§ Work request
Down to the last line, repeat the entries exactly and drop any image.

Extracted data entries
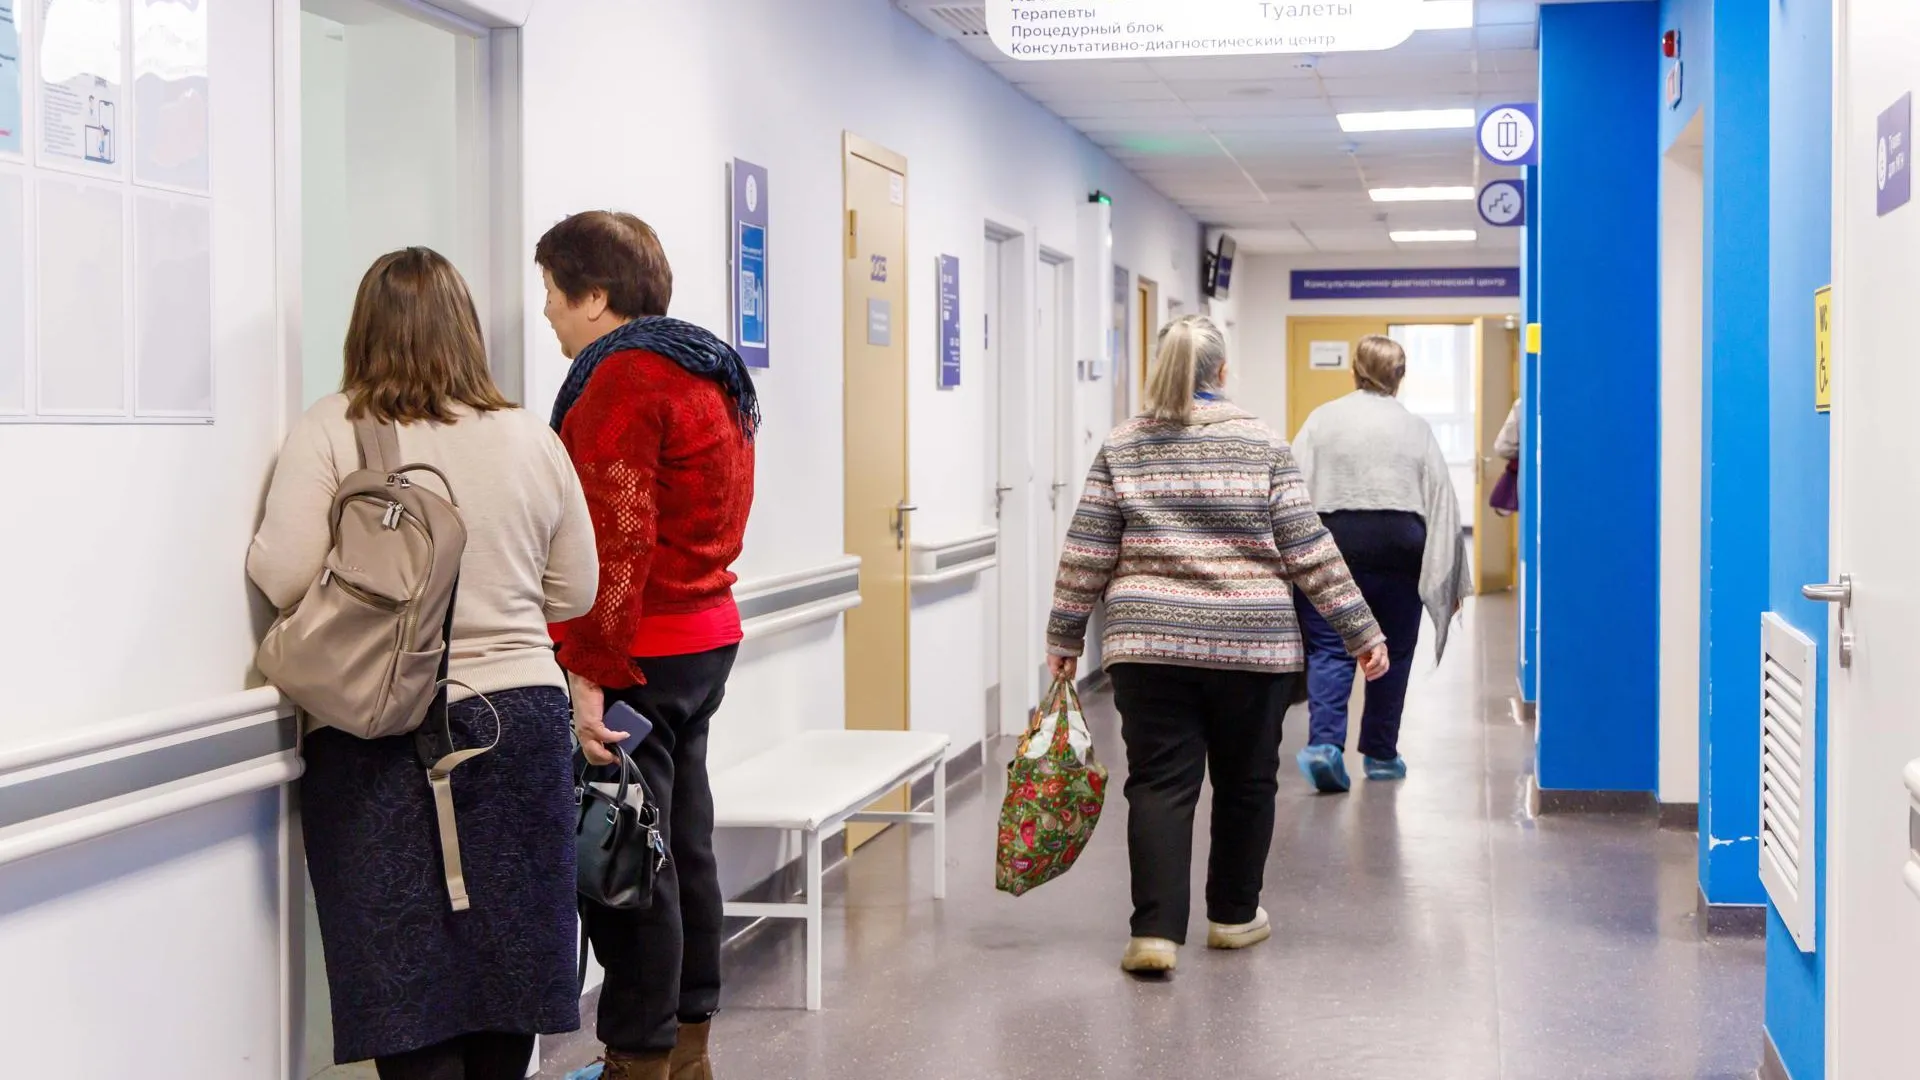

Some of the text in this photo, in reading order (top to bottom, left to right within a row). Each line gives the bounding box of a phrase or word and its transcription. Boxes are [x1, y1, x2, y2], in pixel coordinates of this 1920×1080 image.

[1011, 8, 1096, 22] Терапевты
[1259, 2, 1353, 21] Туалеты
[1011, 22, 1165, 39] Процедурный блок
[1288, 35, 1336, 47] центр
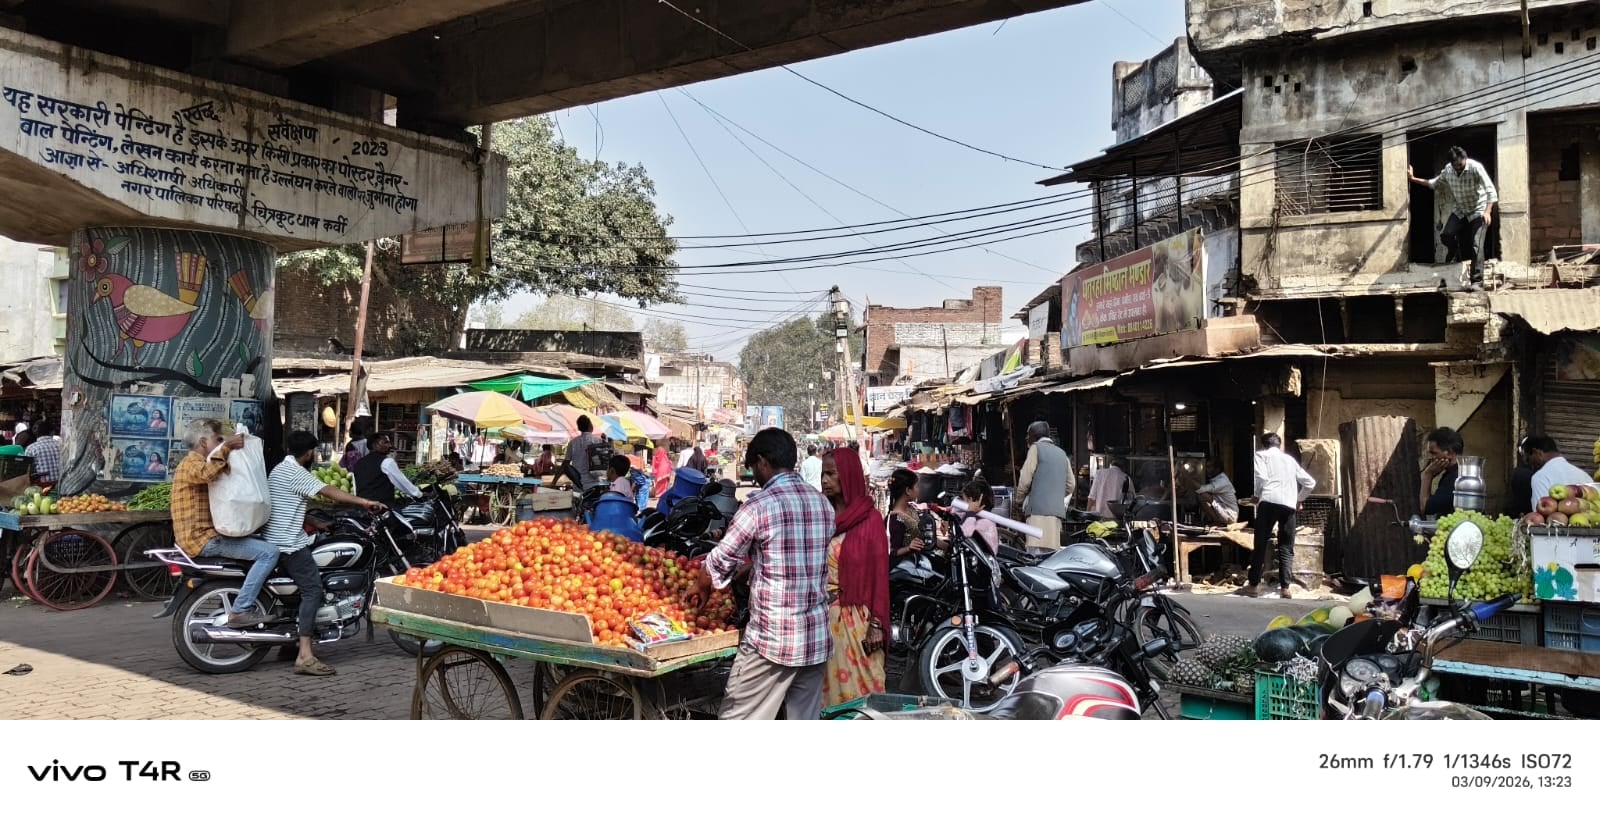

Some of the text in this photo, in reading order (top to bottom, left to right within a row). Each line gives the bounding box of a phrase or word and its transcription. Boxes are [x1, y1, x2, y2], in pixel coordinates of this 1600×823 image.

§ Answer
Some of the text in this photo, in reading order (top to bottom, left to right within a row). Each line gives the bounding box of a phrase or word and its transcription. Boxes are [x1, y1, x2, y2], in pixel coordinates of this 1920×1080 image.

[1011, 8, 1096, 22] Терапевты
[1259, 2, 1353, 21] Туалеты
[1011, 22, 1165, 39] Процедурный блок
[1288, 35, 1336, 47] центр

Some of the text in this photo, in reading order (top to bottom, left to right within a row). Each line gives the bounding box of a phrase or word and its transcription. Boxes are [x1, y1, x2, y2], in pixel coordinates of this 1600×823 image.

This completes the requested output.